**Task details**
Your task is to repeat the entries exactly. Leave the pictures out.

(Dataset entries)
-- Opening Marker --
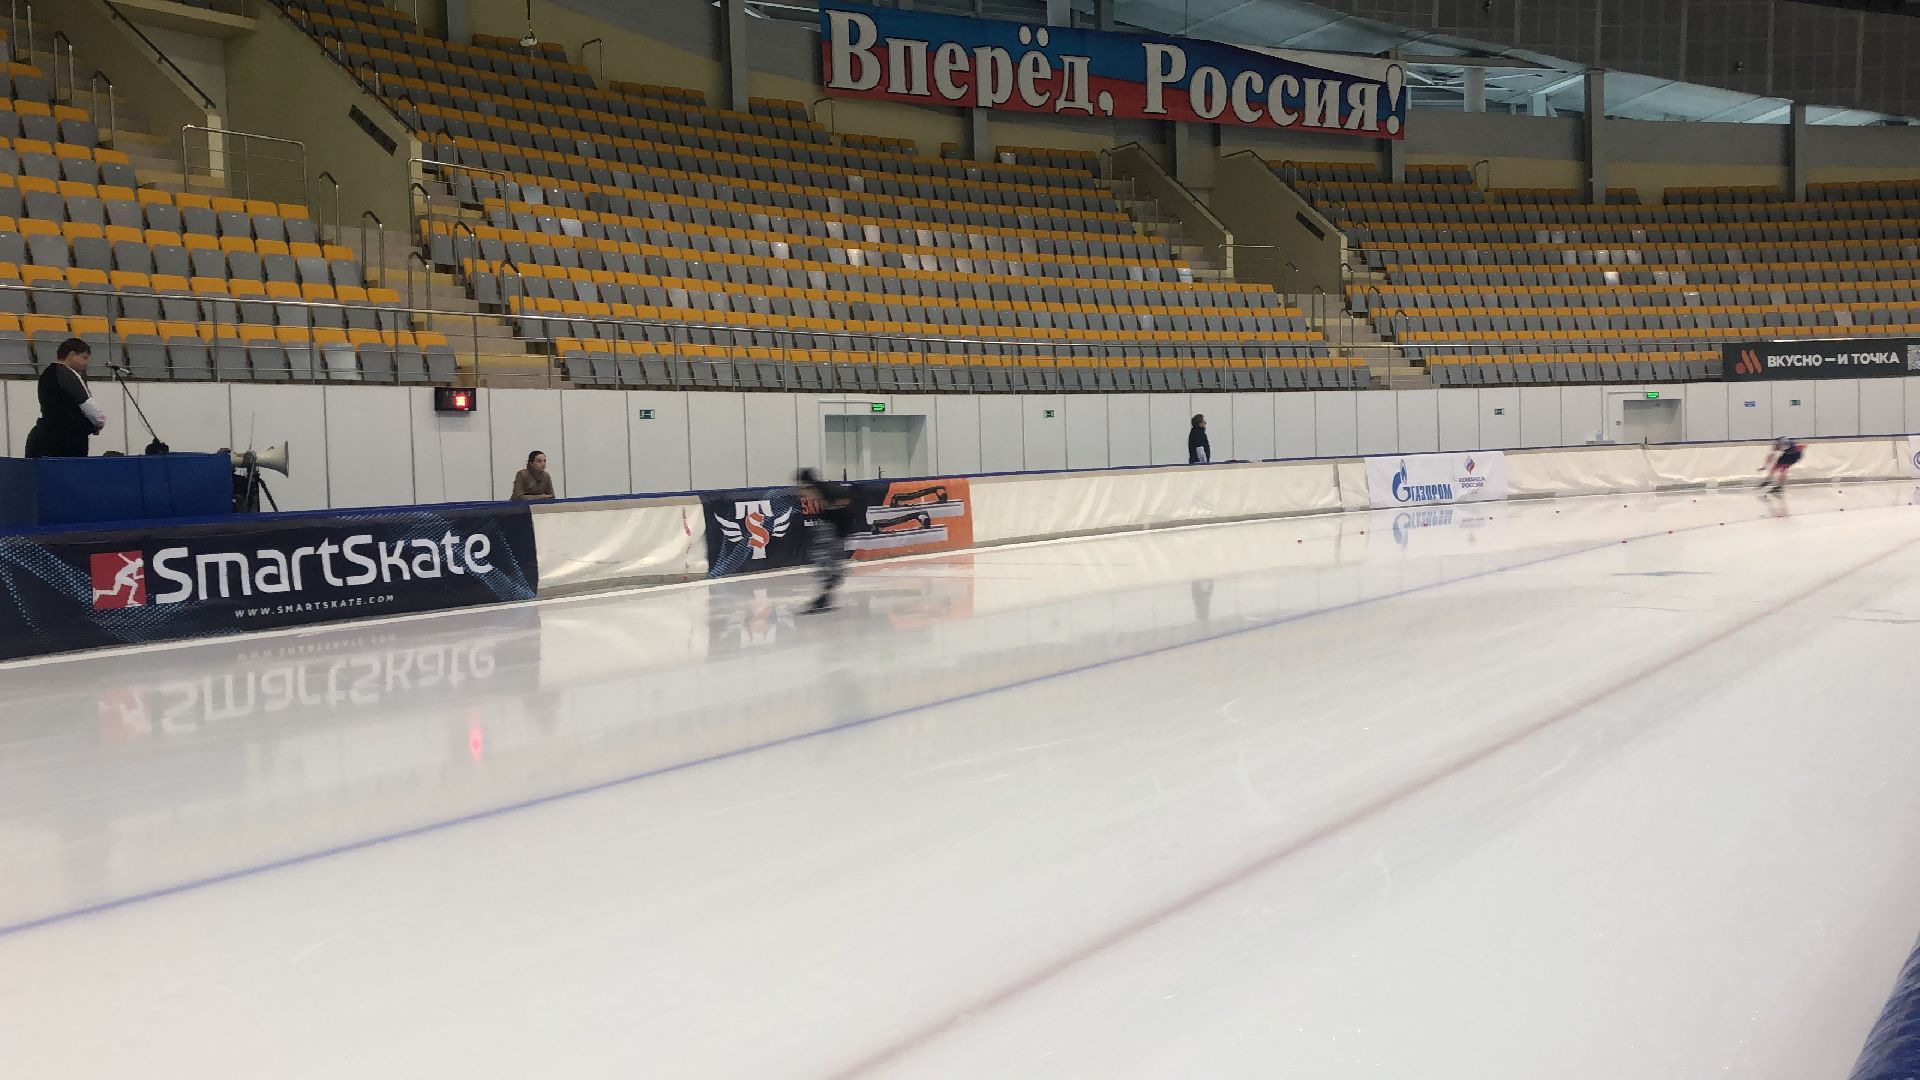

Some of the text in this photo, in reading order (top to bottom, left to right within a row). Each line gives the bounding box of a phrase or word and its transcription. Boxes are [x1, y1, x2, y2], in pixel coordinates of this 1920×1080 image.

[824, 9, 1405, 136] Вперёд, Россия!
[1767, 354, 1822, 368] ВКУСНО
[1850, 351, 1900, 365] ТОЧКА
[152, 533, 494, 604] SmartSkate
[234, 593, 395, 619] WWW.SMARTSKATE.COM
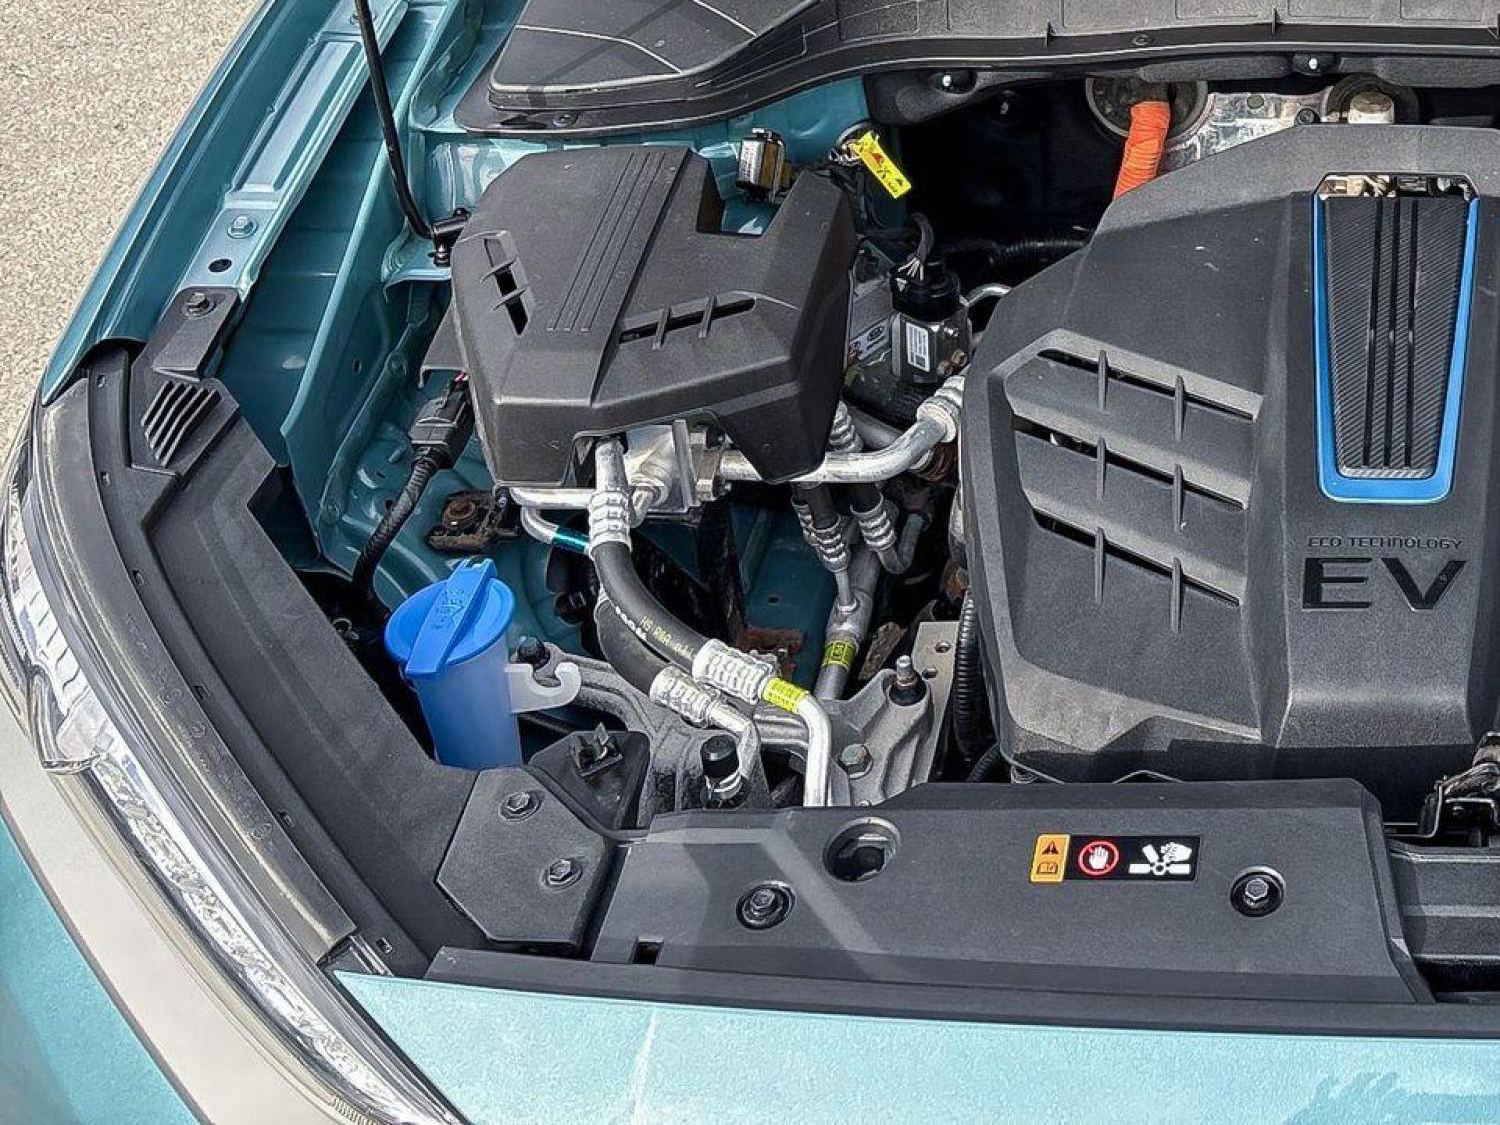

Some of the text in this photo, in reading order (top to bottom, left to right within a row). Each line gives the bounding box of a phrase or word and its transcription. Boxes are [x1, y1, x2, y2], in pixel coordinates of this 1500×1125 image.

[1308, 537, 1464, 549] ECO TECHNOLOGY
[1302, 557, 1467, 611] EV
-- Closing Marker --
**Response to the exercise**
Some of the text in this photo, in reading order (top to bottom, left to right within a row). Each line gives the bounding box of a phrase or word and its transcription. Boxes are [x1, y1, x2, y2], in pixel coordinates of this 1920×1080 image.

[824, 9, 1405, 136] Вперёд, Россия!
[1767, 354, 1822, 368] ВКУСНО
[1850, 351, 1900, 365] ТОЧКА
[152, 533, 494, 604] SmartSkate
[234, 593, 395, 619] WWW.SMARTSKATE.COM

Some of the text in this photo, in reading order (top to bottom, left to right within a row). Each line gives the bounding box of a phrase or word and its transcription. Boxes are [x1, y1, x2, y2], in pixel coordinates of this 1500×1125 image.

[1308, 537, 1464, 549] ECO TECHNOLOGY
[1302, 557, 1467, 611] EV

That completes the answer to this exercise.